8. La croissance des vocations sacerdotales que l'on observe dans certaines zones constitue une vive espérance. Il est vrai que la situation sociale et religieuse ne favorise pas l'écoute de l'appel du Seigneur à le suivre dans la vie sacerdotale ou consacrée. C'est pourquoi il est important de prier sans relâche le Maître de la Moisson (cf. Mt 9, 38), afin qu'il continue à bénir l'Espagne par de nombreuses et saintes vocations. Dans ce but, il faut promouvoir une pastorale des vocations spécifique, vaste et ramifiée, qui incite les responsables de la jeunesse à être des médiateurs courageux de l'appel du Seigneur. Il ne faut pas avoir peur de la proposer aux jeunes, puis de la suivre avec assiduité, au niveau humain et spirituel, afin qu'ils puissent discerner leur choix de vocation.

9. Les fidèles catholiques, auxquels il revient de rechercher le Royaume de Dieu en s'occupant des réalités temporelles et en les ordonnant selon la volonté divine, sont appelés à être les témoins courageux de leur foi dans les divers milieux de la vie publique. Leur participation à la vie ecclésiale est fondamentale et, parfois, sans leur collaboration, votre apostolat de pasteurs ne parviendrait pas à "tous les hommes de tous les temps et de toute la terre" (Lumen gentium, n. 33).

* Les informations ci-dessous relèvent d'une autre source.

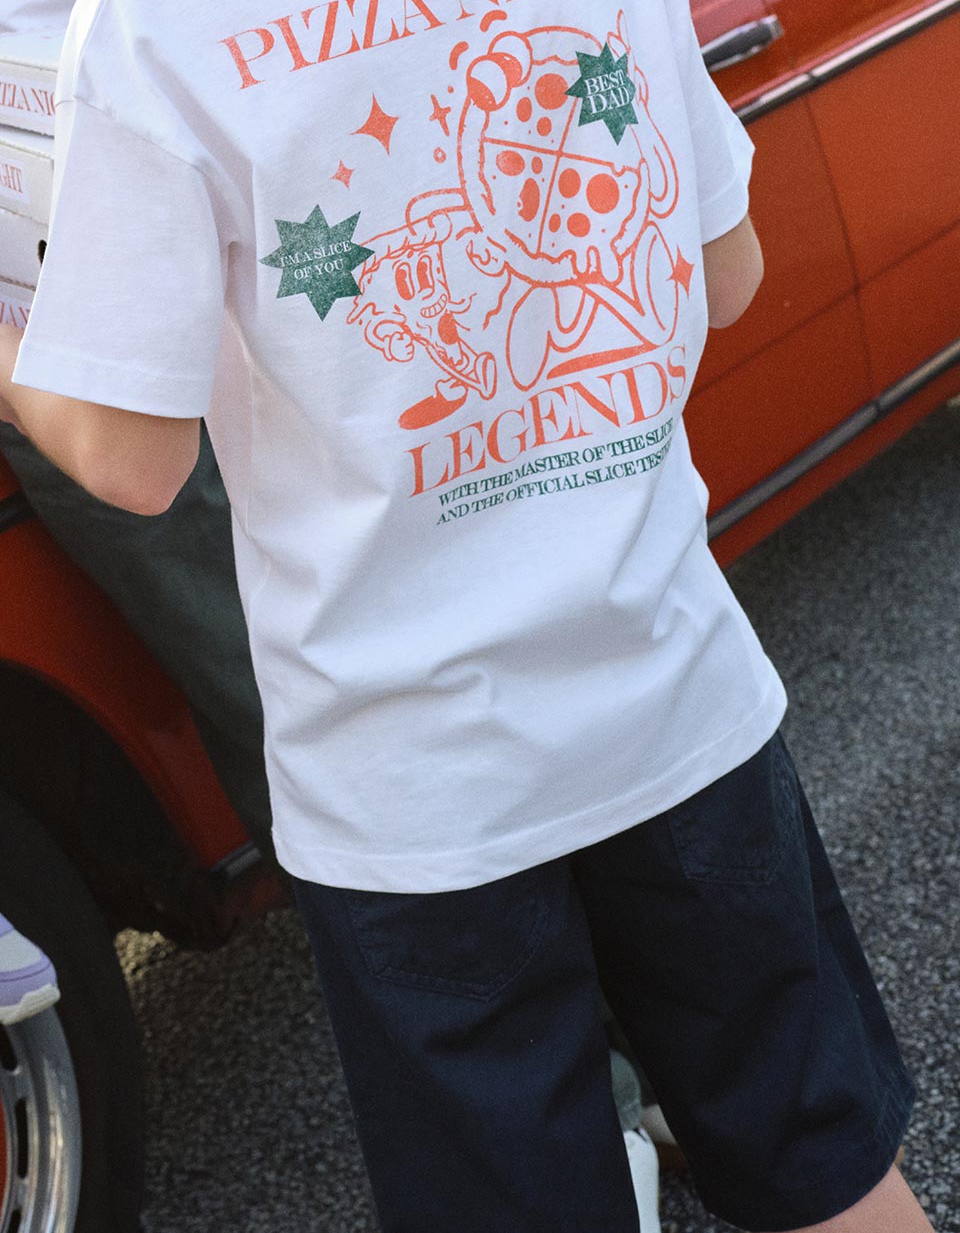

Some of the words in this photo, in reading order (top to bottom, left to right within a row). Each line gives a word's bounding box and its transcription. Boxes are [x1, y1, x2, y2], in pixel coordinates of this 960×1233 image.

Les jeunes, avenir de l'Eglise et de la société, doivent en particulier être l'objet de vos soins pastoraux. C'est pourquoi il ne faut pas lésiner sur les efforts nécessaires, même si parfois ils ne portent pas des fruits immédiats. A ce propos, comment ne pas rappeler la veillée impressionnante et émouvante que j'ai présidée avec des centaines de milliers de jeunes sur l'esplanade des Quatre Vents, en leur rappelant que l'on peut être moderne et chrétien en même temps? A l'heure actuelle, un grand nombre de jeunes se préparent pour se rendre à Cologne afin de participer à la Journée mondiale de la Jeunesse. Dites-leur que le Pape les attend là-bas, avec la devise "Nous sommes venus pour l'adorer" (Mt 2, 2) afin de découvrir dans le Christ, avec les jeunes d'autres pays, le visage de Dieu et de l'Eglise comme "la maison et l'école de la communion" (Novo Millennio ineunte, n. 43).

10. Chers frères, vous avez pris l'initiative de consacrer une année spéciale à l'Immaculée, Patronne de l'Espagne, pour commémorer le 150 anniversaire de la proclamation de ce dogme marial. Il s'agit d'une invitation au peuple  des fidèles  à renouveler leur consécration personnelle et communautaire à notre Mère et à accueillir l'invitation que j'ai faite à toute l'Eglise de se mettre "surtout à l'écoute de la très Sainte Vierge Marie en qui, plus que quiconque, le Mystère de l'Eucharistie resplendit comme mystère lumineux" (Ecclesia de Eucharistia, n. 62).

L'évangélisation et la pratique de la foi en terre espagnole ont toujours été unies à un amour particulier pour la Vierge Marie. C'est ce que démontrent les nombreuses églises, les sanctuaires et les monuments élevés partout dans votre terre, les confraternités, les congrégations, les corporations et les conseils universitaires, qui ont insisté pour défendre leurs privilèges, ainsi que les pratiques de piété et les fêtes populaires en l'honneur de la Mère de Dieu, qui ont également été source d'inspiration pour tant d'artistes, de peintres célèbres et de sculpteurs de grande renommée.

L'Espagne est la terre de Marie. C'est à Elle que je confie vos intentions pastorales. Je place sous sa protection maternelle tous les prêtres, les religieux et les religieuses, les séminaristes, les enfants, les jeunes et les personnes âgées, les familles, les malades et les pauvres. Apportez à tous mon salut et l'affection du Pape, ainsi que sa Bénédiction apostolique.